*** Opening of Material for this exercise ***

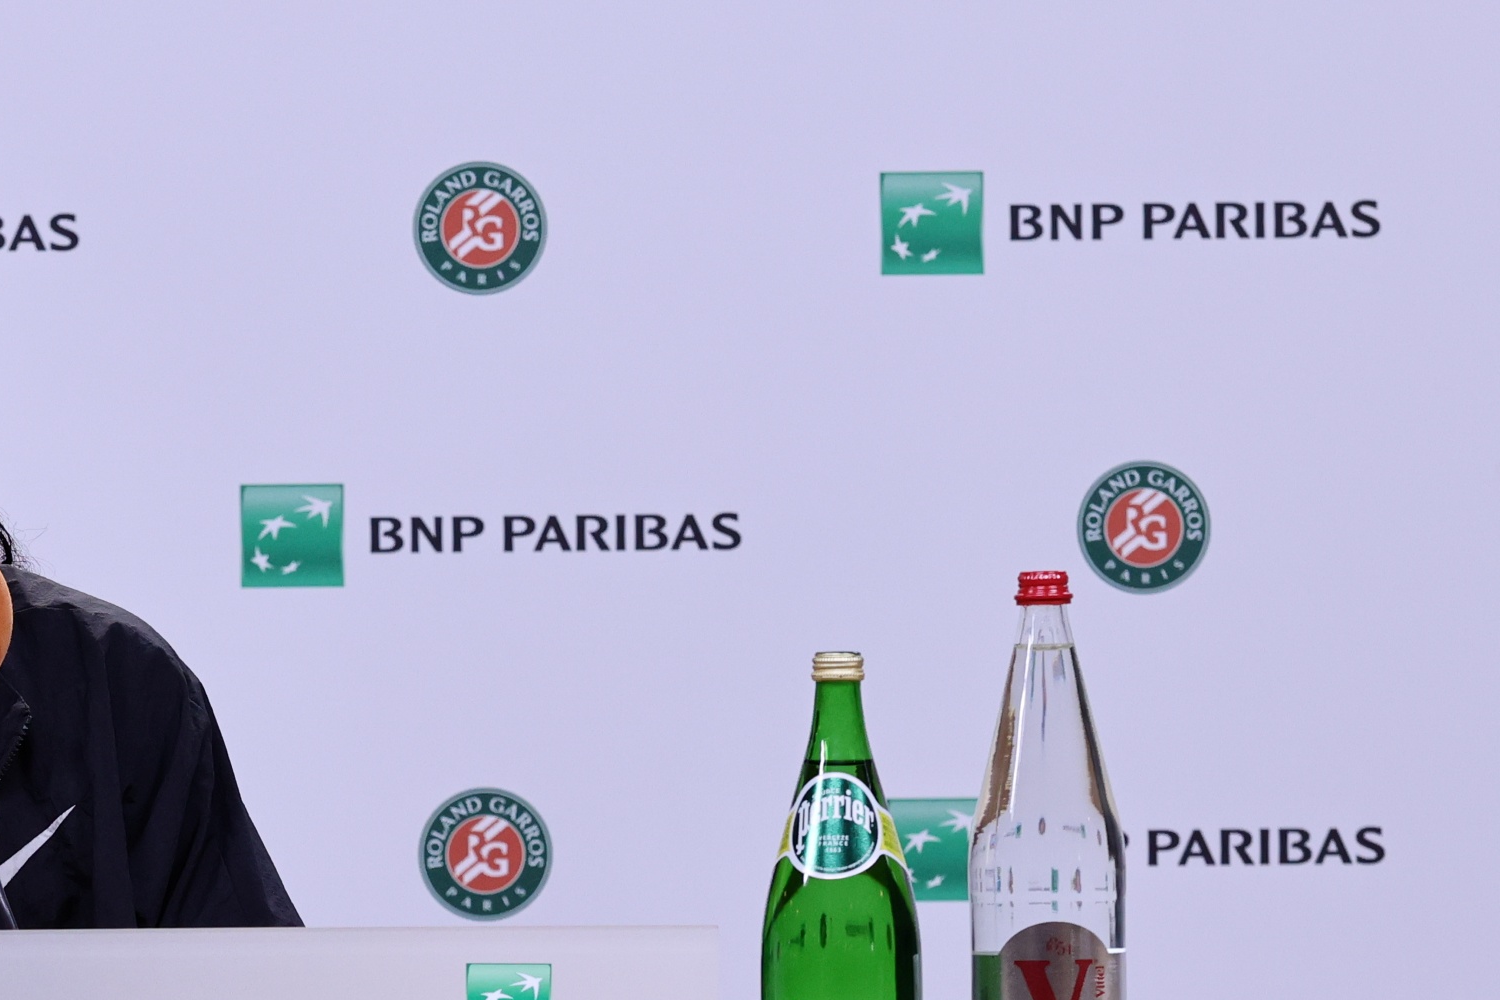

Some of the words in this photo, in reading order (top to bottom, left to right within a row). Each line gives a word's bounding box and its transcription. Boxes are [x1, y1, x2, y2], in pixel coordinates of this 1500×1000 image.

[421, 170, 477, 243] ROLAND
[483, 170, 540, 242] GARROS
[1010, 203, 1124, 241] BNP
[1143, 200, 1381, 240] PARIBAS
[440, 260, 521, 285] PARIS
[1085, 469, 1141, 542] ROLAND
[1147, 470, 1203, 541] GARROS
[370, 516, 484, 553] BNP
[503, 512, 742, 552] PARIBAS
[1104, 559, 1185, 584] PARIS
[427, 796, 482, 869] ROLAND
[489, 797, 545, 868] GARROS
[1148, 827, 1385, 866] PARIBAS
[446, 886, 526, 912] PARIS

*** Close of Material for this exercise ***

Without the pictures, give every line above again exactly.

Some of the words in this photo, in reading order (top to bottom, left to right within a row). Each line gives a word's bounding box and its transcription. Boxes are [x1, y1, x2, y2], in pixel coordinates of this 1500×1000 image.

[421, 170, 477, 243] ROLAND
[483, 170, 540, 242] GARROS
[1010, 203, 1124, 241] BNP
[1143, 200, 1381, 240] PARIBAS
[440, 260, 521, 285] PARIS
[1085, 469, 1141, 542] ROLAND
[1147, 470, 1203, 541] GARROS
[370, 516, 484, 553] BNP
[503, 512, 742, 552] PARIBAS
[1104, 559, 1185, 584] PARIS
[427, 796, 482, 869] ROLAND
[489, 797, 545, 868] GARROS
[1148, 827, 1385, 866] PARIBAS
[446, 886, 526, 912] PARIS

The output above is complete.